### Data to use
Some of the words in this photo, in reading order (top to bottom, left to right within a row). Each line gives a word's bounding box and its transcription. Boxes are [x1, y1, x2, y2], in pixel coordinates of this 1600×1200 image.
---
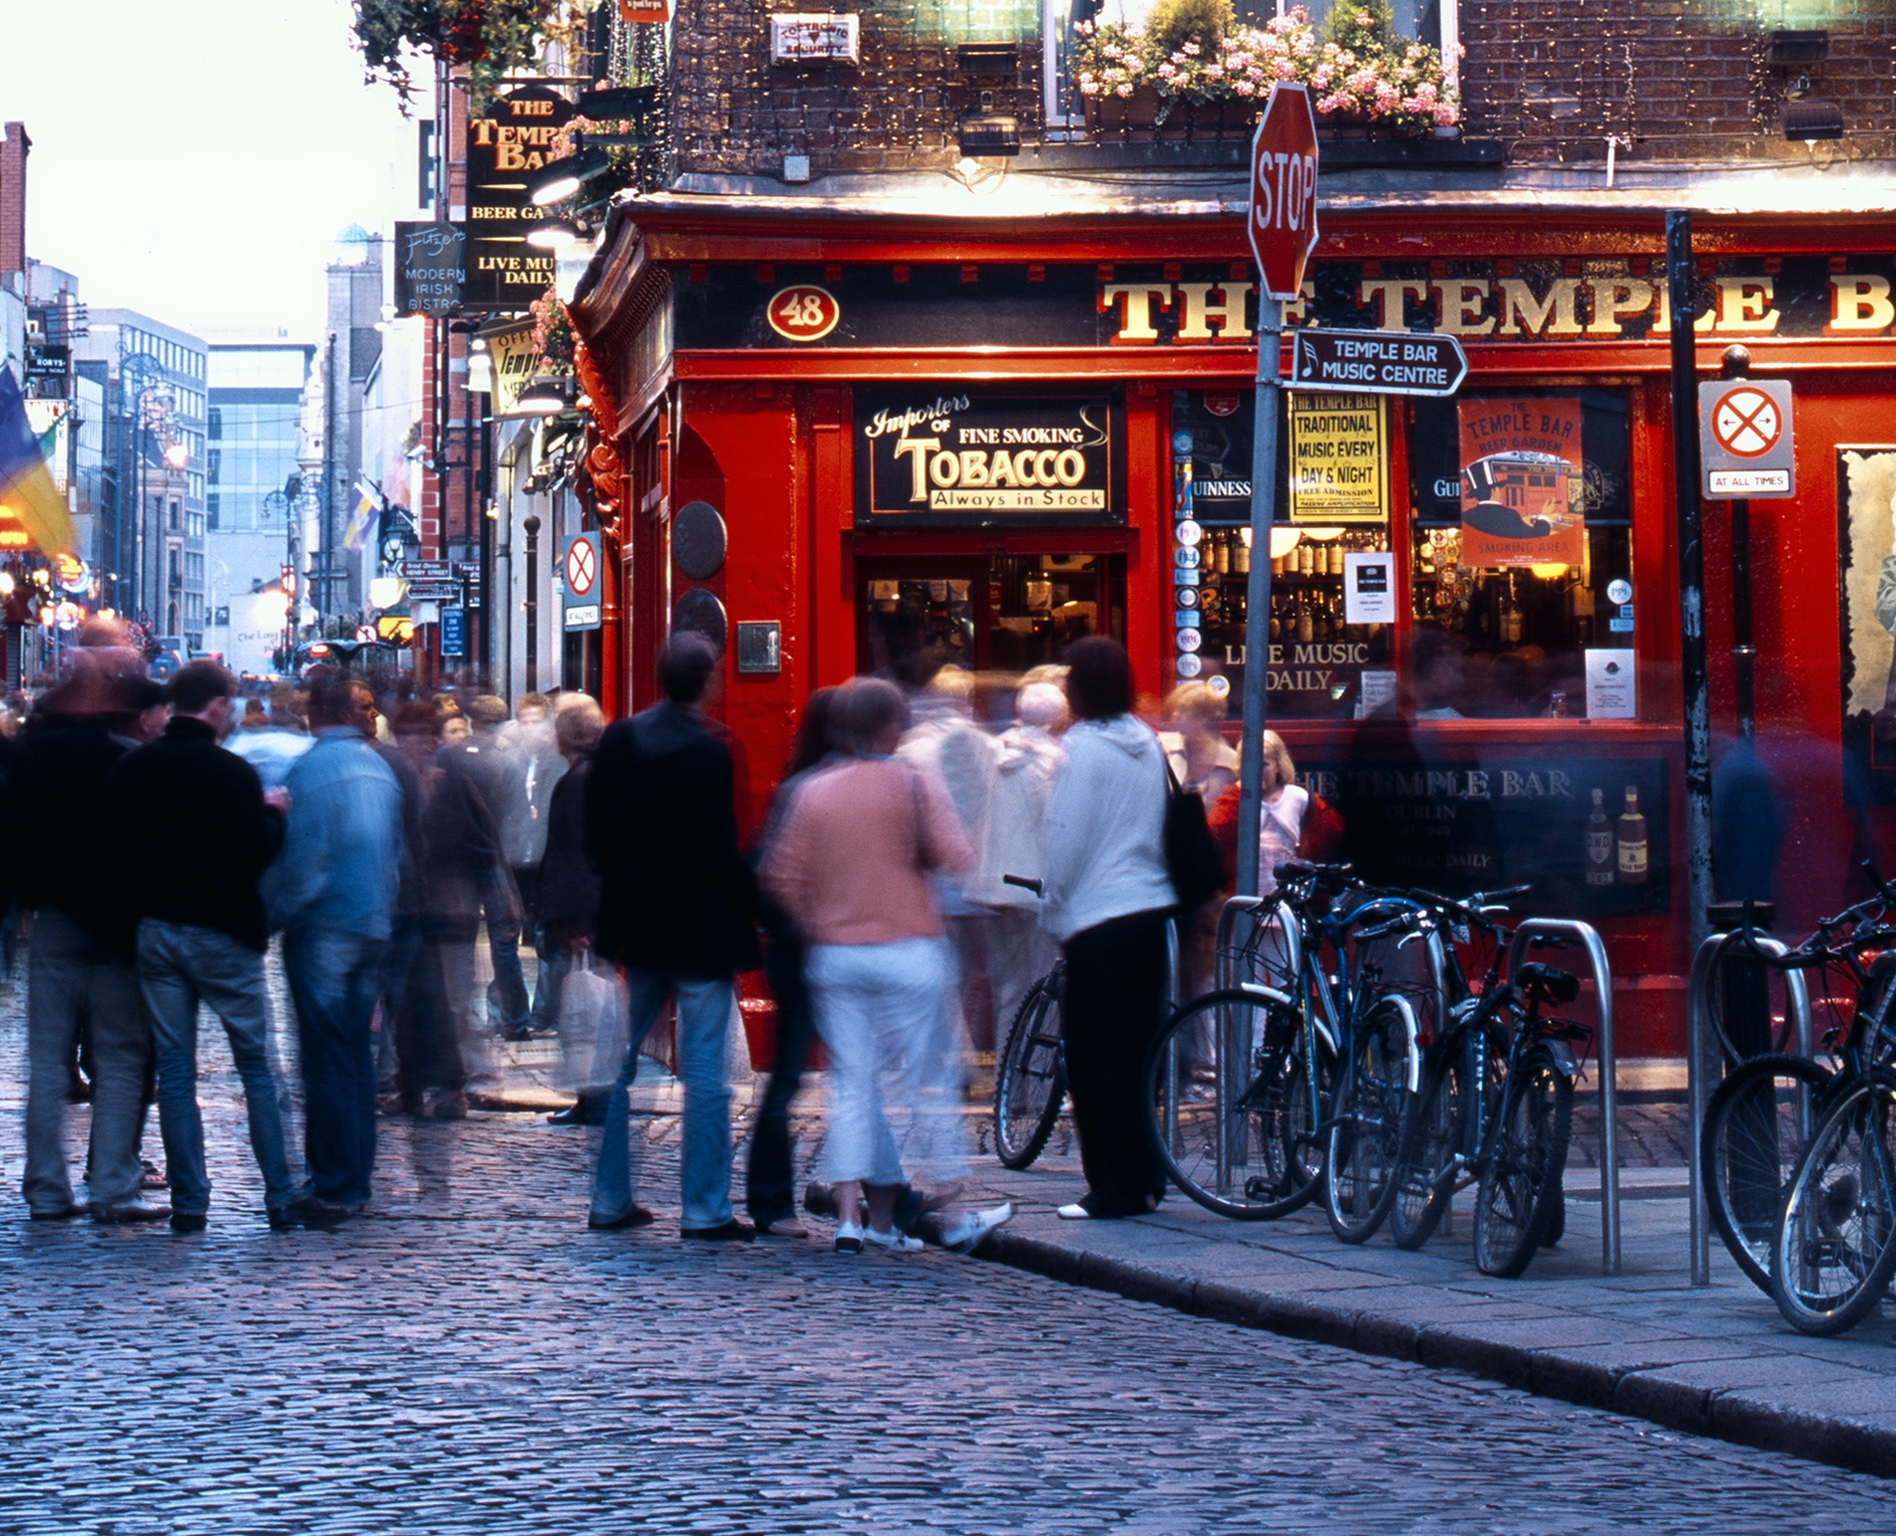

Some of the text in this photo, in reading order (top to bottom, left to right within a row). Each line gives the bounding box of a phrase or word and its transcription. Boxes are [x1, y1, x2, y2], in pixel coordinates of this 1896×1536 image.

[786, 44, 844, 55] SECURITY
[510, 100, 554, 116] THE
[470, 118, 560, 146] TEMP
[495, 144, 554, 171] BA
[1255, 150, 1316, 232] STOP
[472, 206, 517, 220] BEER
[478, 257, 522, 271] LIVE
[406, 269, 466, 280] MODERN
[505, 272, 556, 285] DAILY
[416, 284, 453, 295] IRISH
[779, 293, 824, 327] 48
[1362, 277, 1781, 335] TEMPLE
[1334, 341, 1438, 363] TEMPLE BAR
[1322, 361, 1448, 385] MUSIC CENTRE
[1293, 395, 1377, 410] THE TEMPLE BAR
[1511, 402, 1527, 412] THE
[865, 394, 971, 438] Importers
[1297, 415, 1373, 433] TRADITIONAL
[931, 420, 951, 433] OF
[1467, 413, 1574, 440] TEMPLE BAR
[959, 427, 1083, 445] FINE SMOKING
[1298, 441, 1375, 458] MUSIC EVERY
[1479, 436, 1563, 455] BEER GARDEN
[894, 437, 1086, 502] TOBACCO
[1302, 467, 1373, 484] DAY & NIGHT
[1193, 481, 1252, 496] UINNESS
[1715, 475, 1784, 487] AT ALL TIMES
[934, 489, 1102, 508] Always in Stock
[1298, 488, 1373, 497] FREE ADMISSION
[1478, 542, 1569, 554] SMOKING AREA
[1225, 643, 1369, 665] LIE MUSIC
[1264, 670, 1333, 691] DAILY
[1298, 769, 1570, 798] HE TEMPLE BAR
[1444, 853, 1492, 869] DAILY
...
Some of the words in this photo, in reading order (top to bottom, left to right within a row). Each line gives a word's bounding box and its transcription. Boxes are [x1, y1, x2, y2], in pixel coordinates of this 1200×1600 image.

### Task to carry out
Lines that contain "words" should be pulled from the entries above and reported.

### Result below
Some of the words in this photo, in reading order (top to bottom, left to right within a row). Each line gives a word's bounding box and its transcription. Boxes are [x1, y1, x2, y2], in pixel coordinates of this 1600×1200 image.
Some of the words in this photo, in reading order (top to bottom, left to right within a row). Each line gives a word's bounding box and its transcription. Boxes are [x1, y1, x2, y2], in pixel coordinates of this 1200×1600 image.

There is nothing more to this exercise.